(Dataset records)
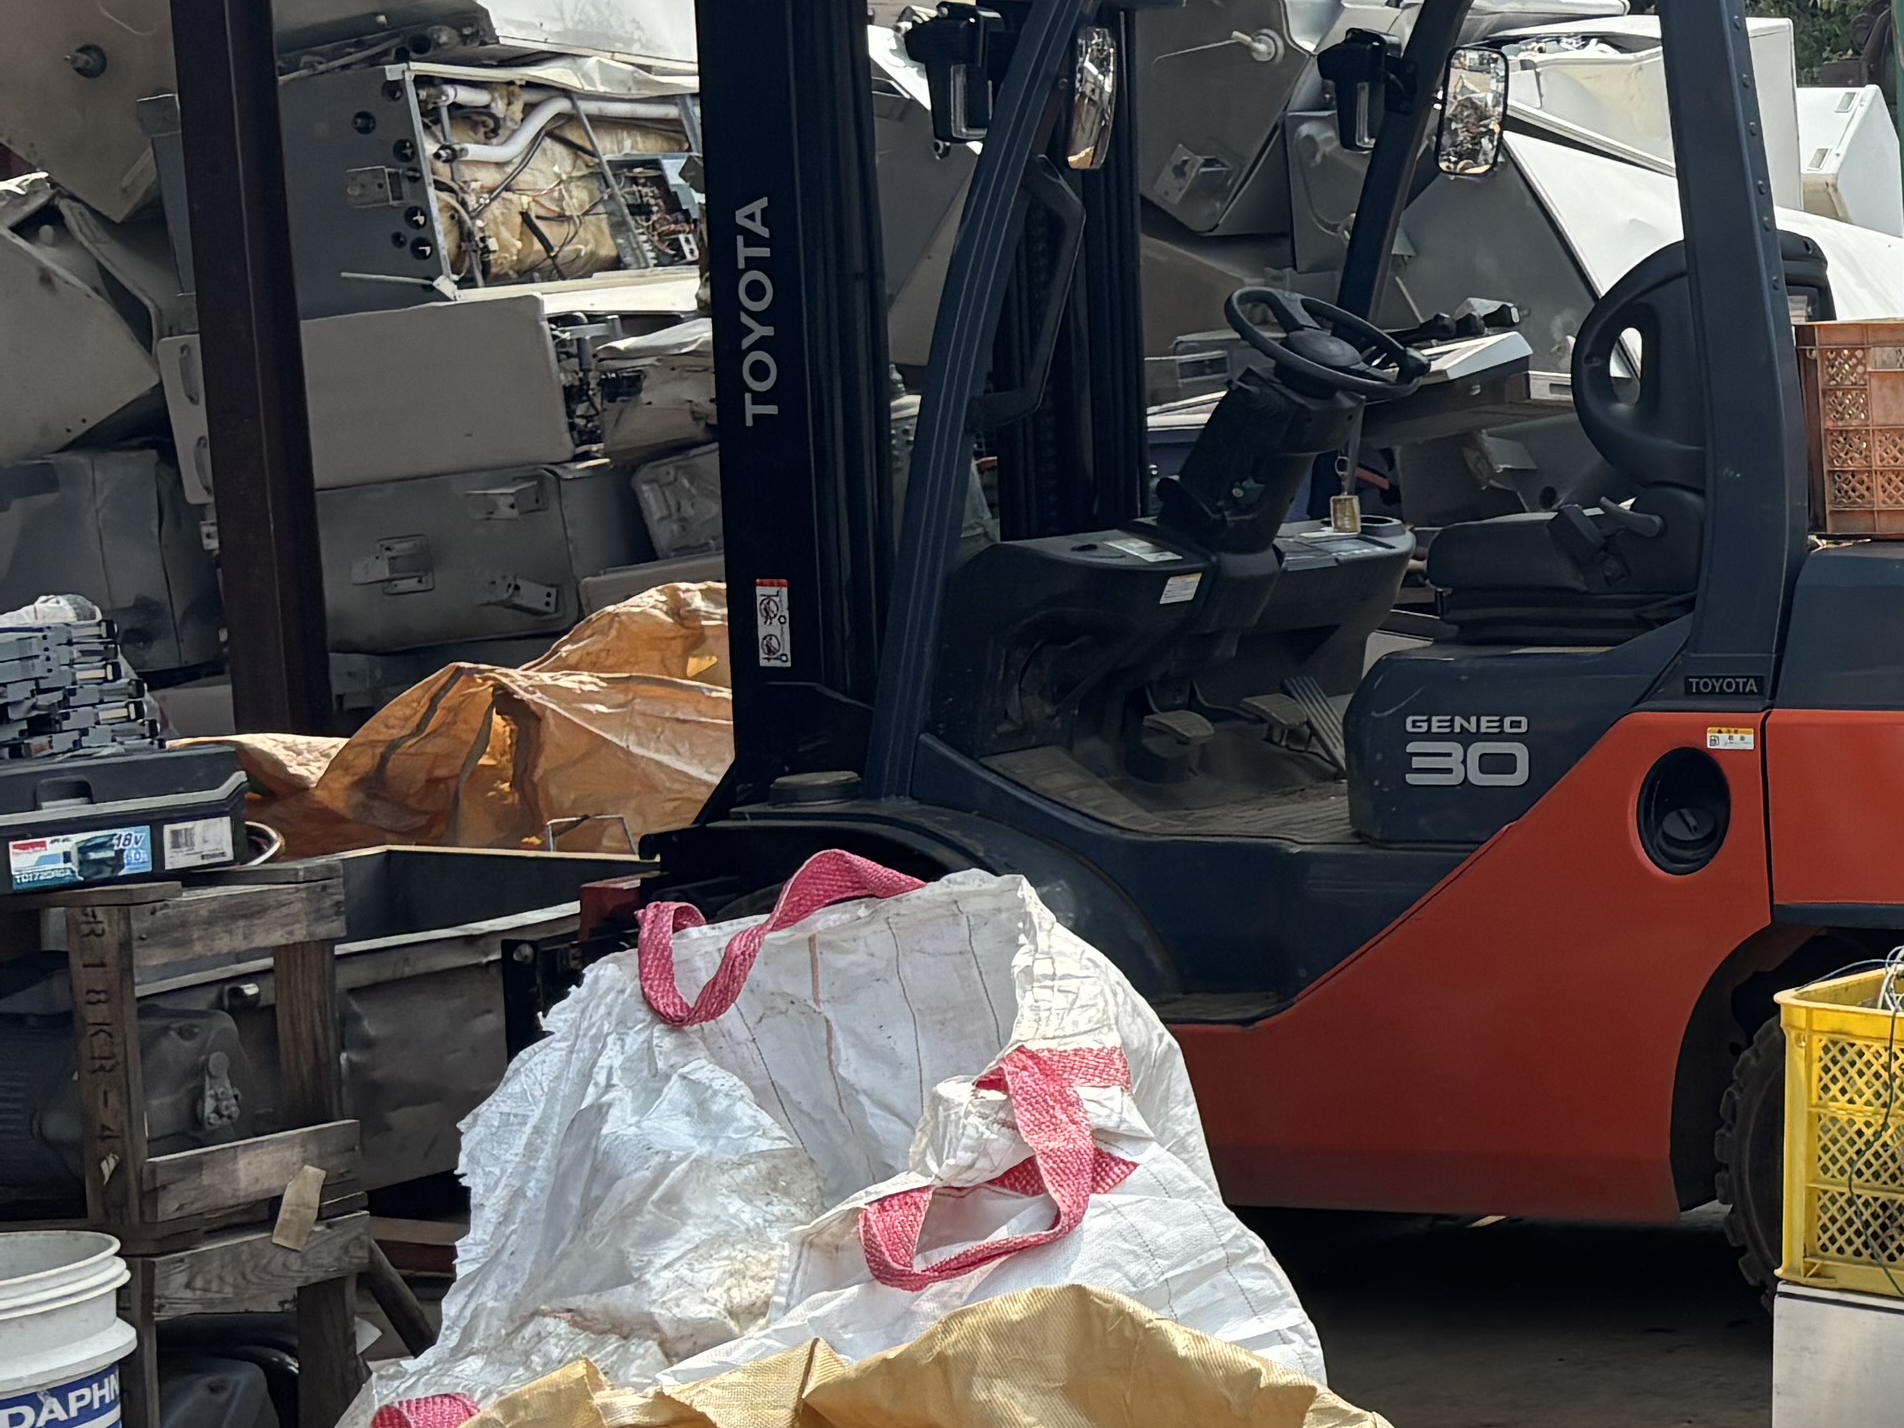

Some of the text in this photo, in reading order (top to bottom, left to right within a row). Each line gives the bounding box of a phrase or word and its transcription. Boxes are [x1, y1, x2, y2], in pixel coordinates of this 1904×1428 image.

[735, 196, 779, 427] TOYOTA
[1688, 677, 1759, 693] TOYOTA
[1405, 715, 1529, 734] GENEO
[1405, 741, 1530, 786] 30
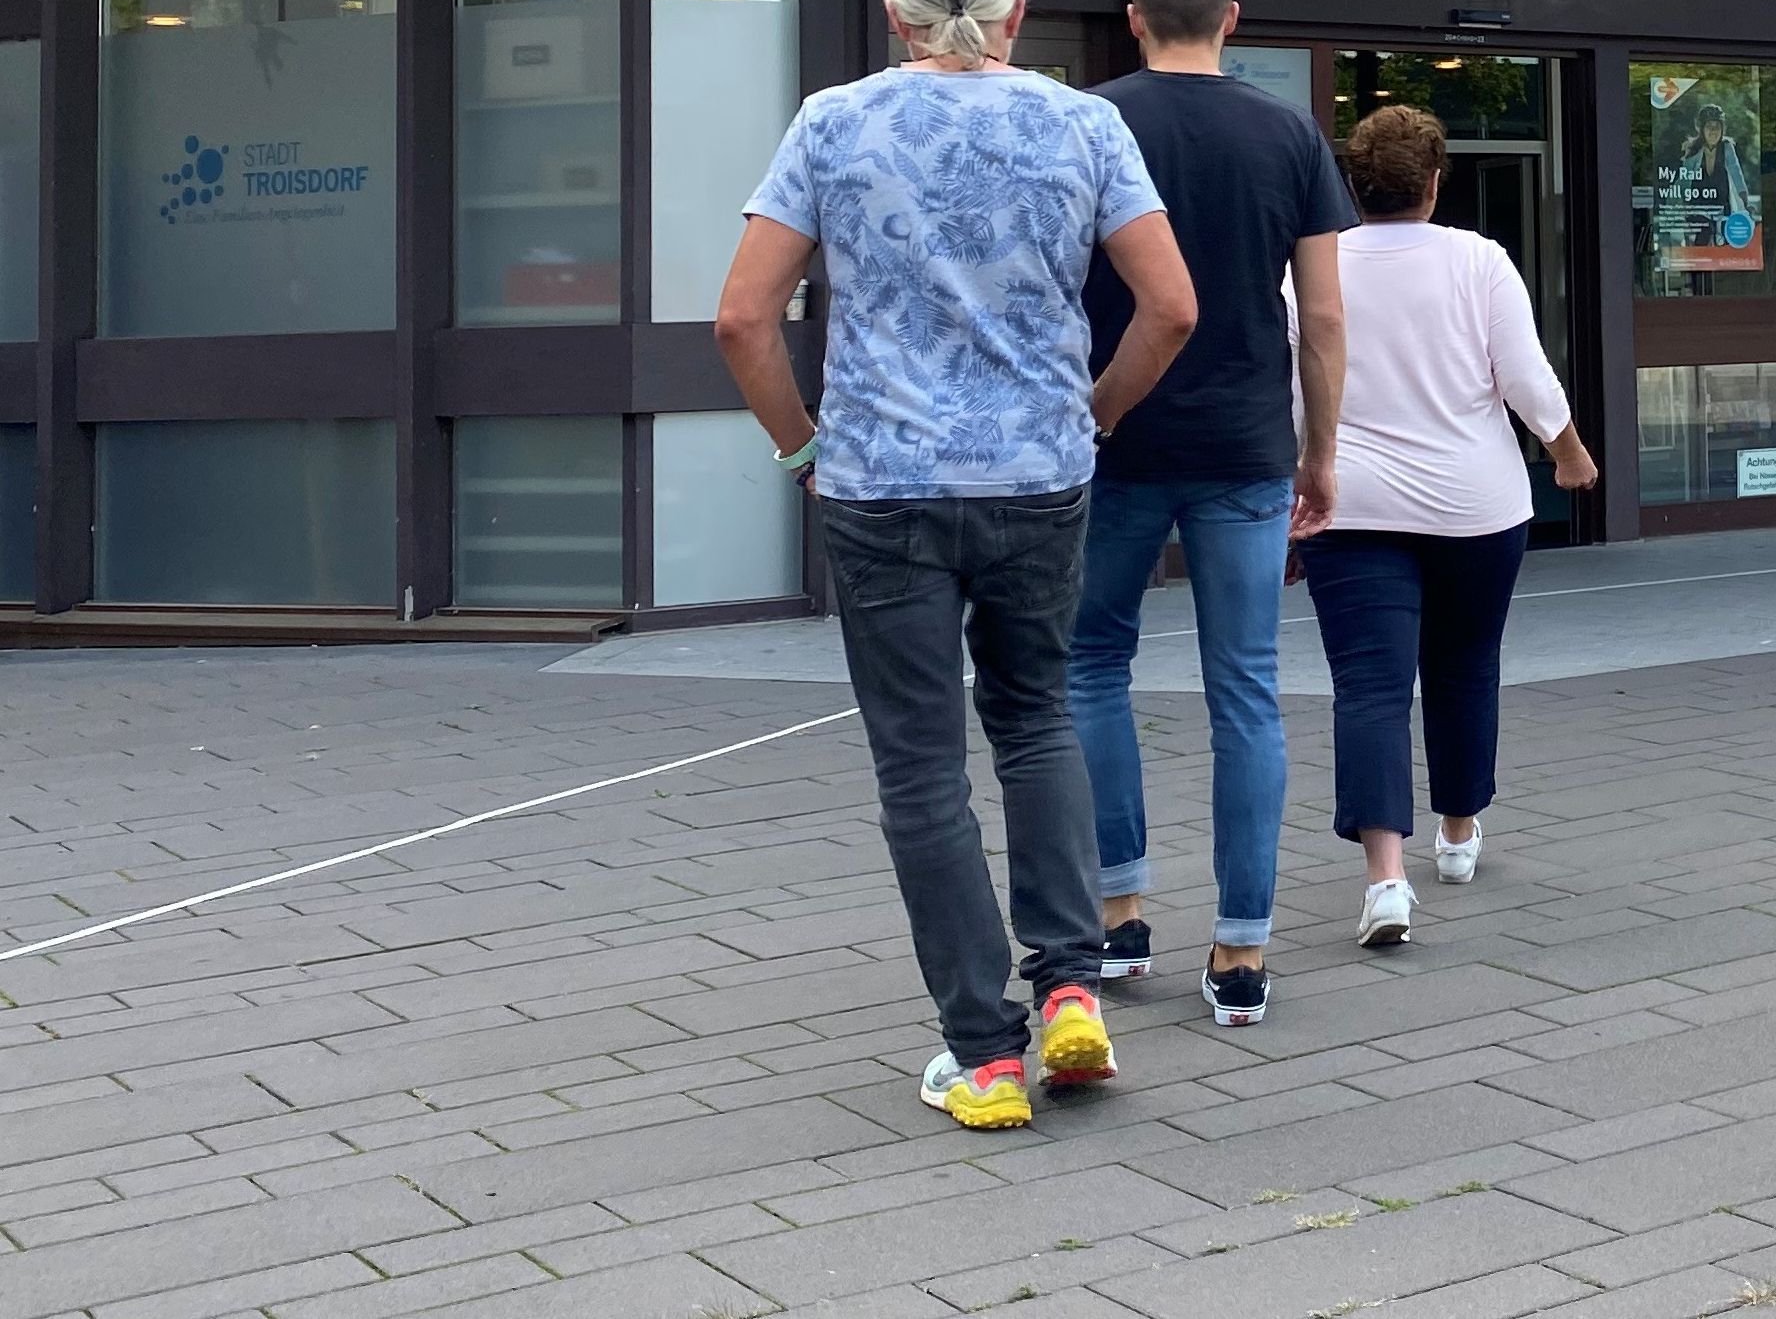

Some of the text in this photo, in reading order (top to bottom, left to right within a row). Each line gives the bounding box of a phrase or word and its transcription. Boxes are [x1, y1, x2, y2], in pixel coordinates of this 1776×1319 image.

[243, 142, 301, 167] STADT
[243, 166, 369, 196] TROISDORF
[1658, 167, 1703, 183] My Rad
[1659, 185, 1717, 201] will go on
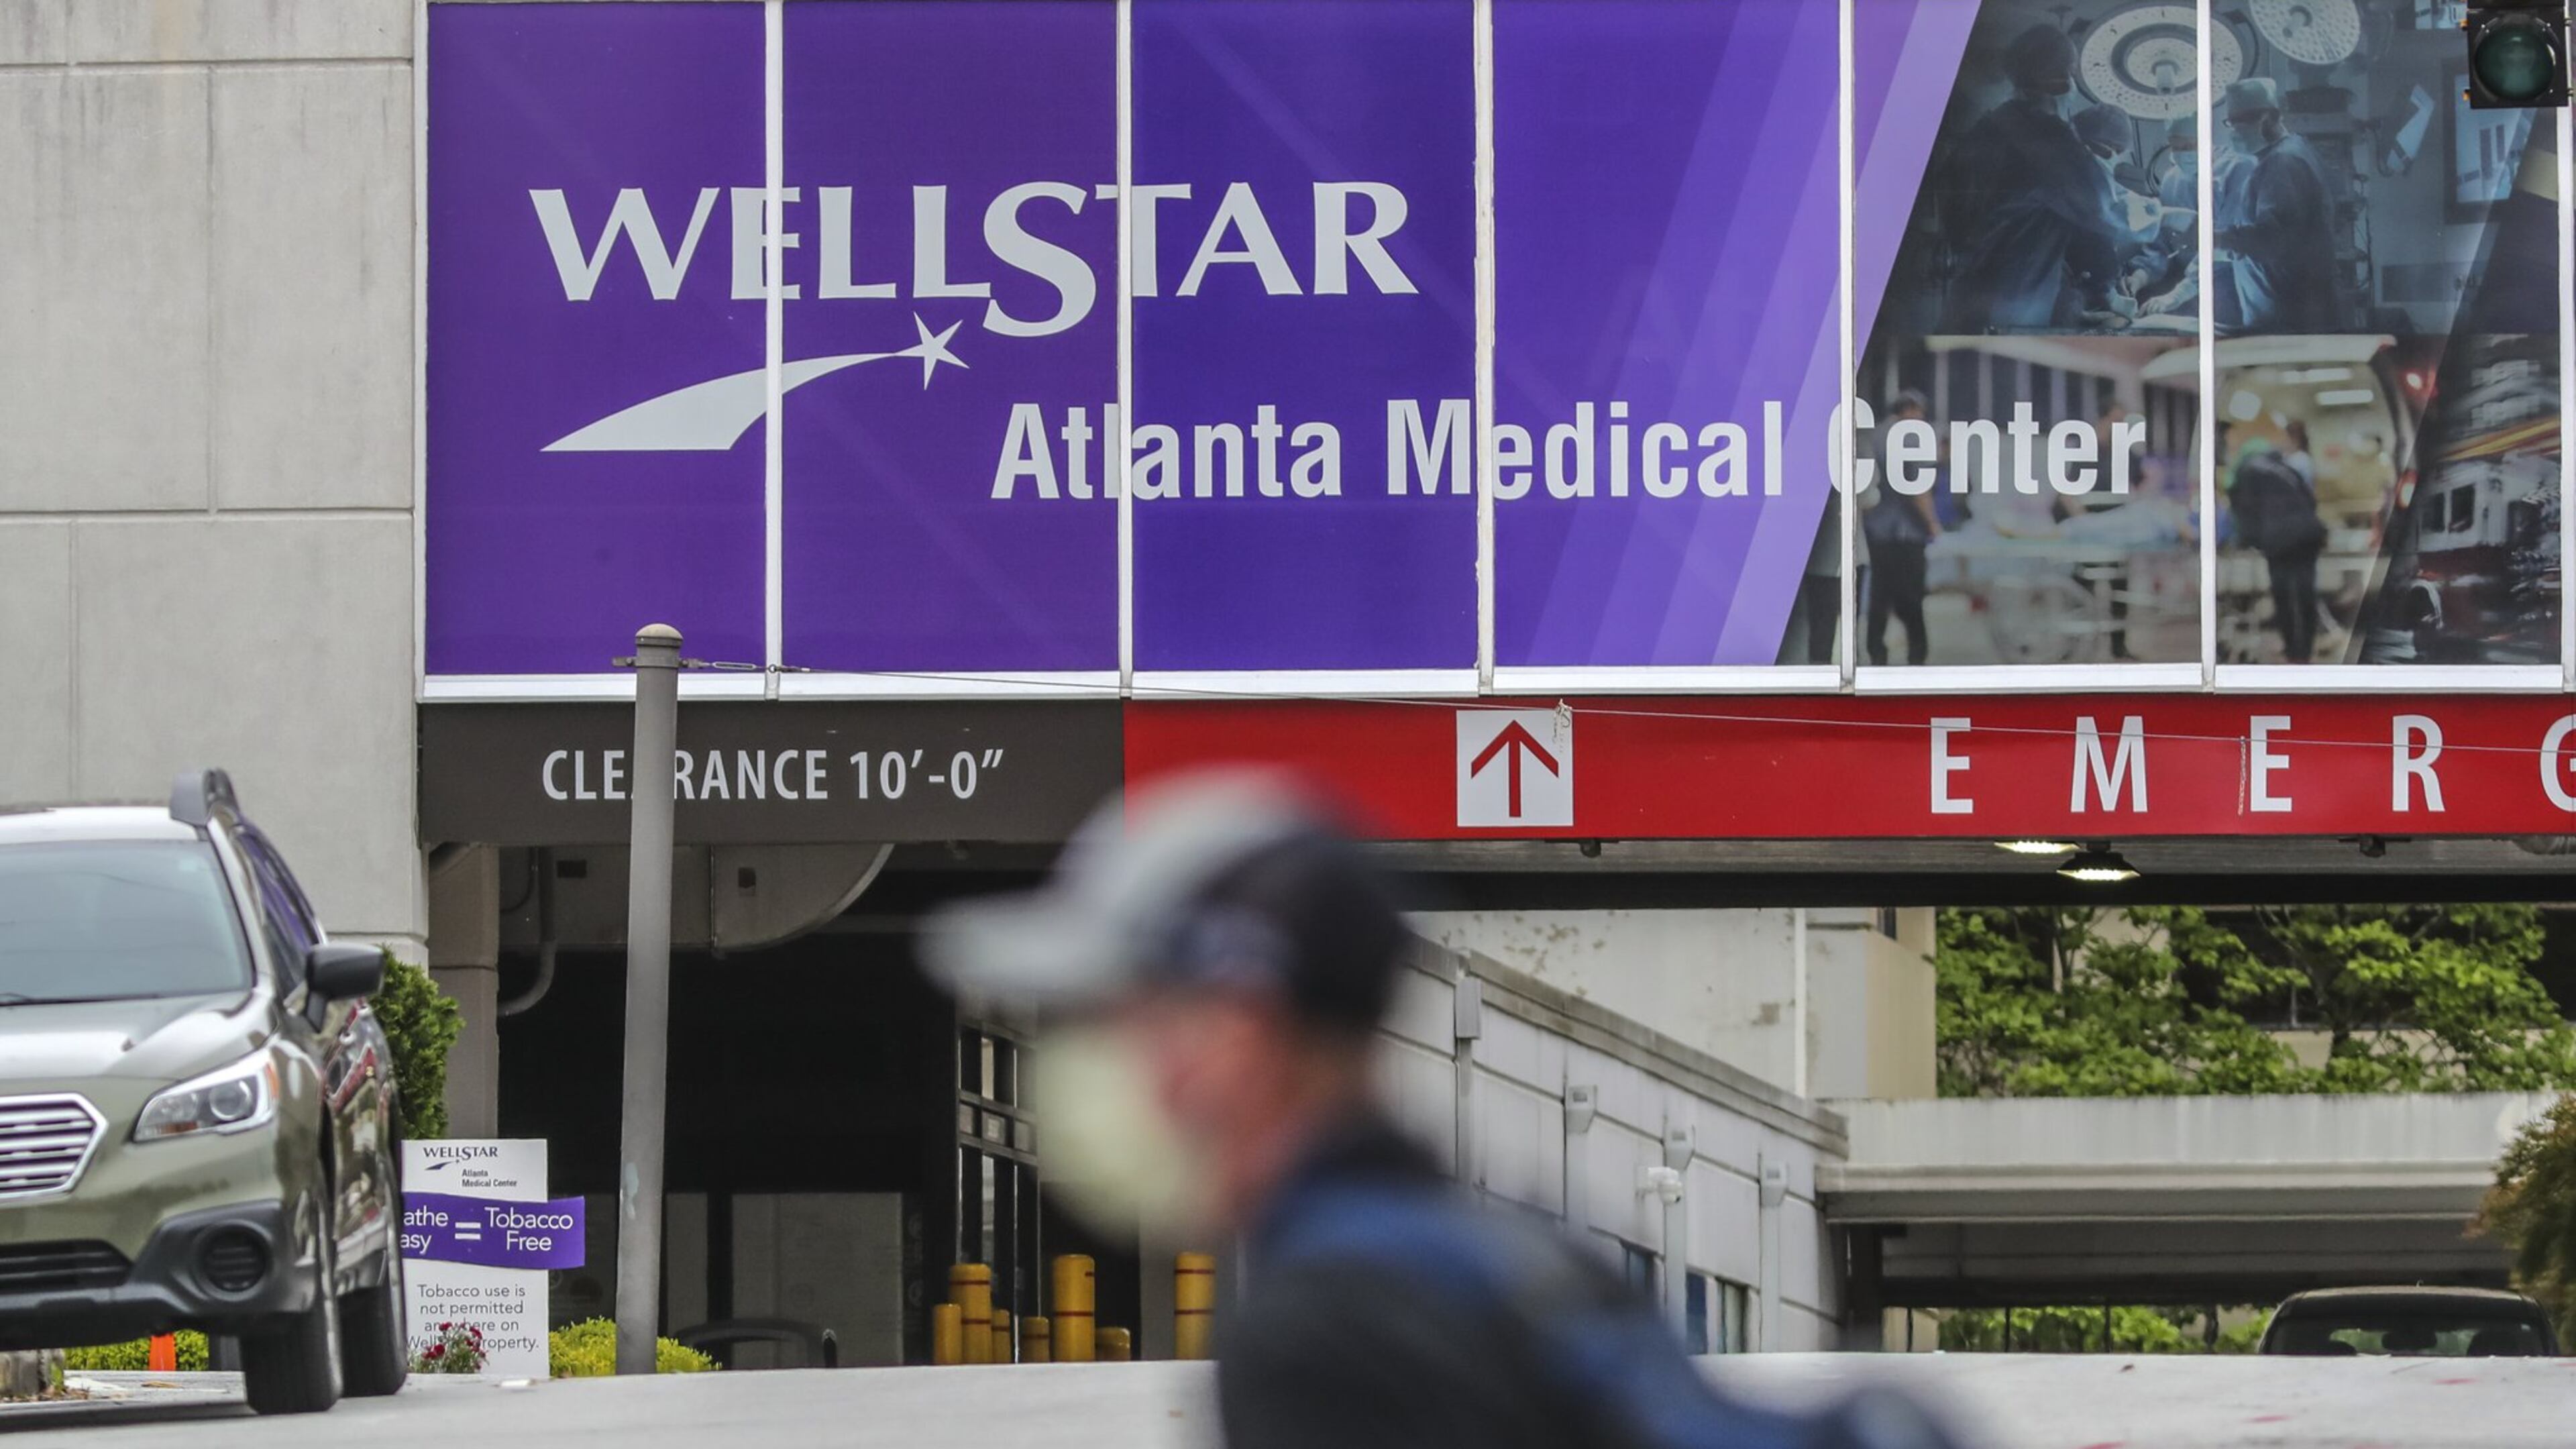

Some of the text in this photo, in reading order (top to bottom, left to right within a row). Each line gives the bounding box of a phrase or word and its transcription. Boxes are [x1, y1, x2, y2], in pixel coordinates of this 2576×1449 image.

[528, 181, 1419, 337] WELLSTAR
[990, 396, 2147, 500] Atlanta Medical Center
[542, 749, 828, 800] CLERANCE
[423, 1146, 498, 1161] WELLSTAR
[462, 1169, 489, 1177] Atlanta
[462, 1179, 518, 1187] Medical Center
[403, 1205, 449, 1227] athe
[484, 1207, 574, 1230] Tobacco
[400, 1230, 552, 1255] asy Free
[417, 1284, 526, 1298] Tobacco use is
[420, 1300, 524, 1318] not permitted
[500, 1321, 519, 1332] on
[477, 1336, 539, 1352] roperty.

- [Assignment] With the pictures omitted, the records above are to be repeated exactly.

- [Response box]
Some of the text in this photo, in reading order (top to bottom, left to right within a row). Each line gives the bounding box of a phrase or word and its transcription. Boxes are [x1, y1, x2, y2], in pixel coordinates of this 1904×1428 image.

[735, 196, 779, 427] TOYOTA
[1688, 677, 1759, 693] TOYOTA
[1405, 715, 1529, 734] GENEO
[1405, 741, 1530, 786] 30

Some of the text in this photo, in reading order (top to bottom, left to right within a row). Each line gives the bounding box of a phrase or word and its transcription. Boxes are [x1, y1, x2, y2], in pixel coordinates of this 1776×1319 image.

[243, 142, 301, 167] STADT
[243, 166, 369, 196] TROISDORF
[1658, 167, 1703, 183] My Rad
[1659, 185, 1717, 201] will go on

Some of the text in this photo, in reading order (top to bottom, left to right within a row). Each line gives the bounding box of a phrase or word and its transcription. Boxes are [x1, y1, x2, y2], in pixel coordinates of this 2576×1449 image.

[528, 181, 1419, 337] WELLSTAR
[990, 396, 2147, 500] Atlanta Medical Center
[542, 749, 828, 800] CLERANCE
[423, 1146, 498, 1161] WELLSTAR
[462, 1169, 489, 1177] Atlanta
[462, 1179, 518, 1187] Medical Center
[403, 1205, 449, 1227] athe
[484, 1207, 574, 1230] Tobacco
[400, 1230, 552, 1255] asy Free
[417, 1284, 526, 1298] Tobacco use is
[420, 1300, 524, 1318] not permitted
[500, 1321, 519, 1332] on
[477, 1336, 539, 1352] roperty.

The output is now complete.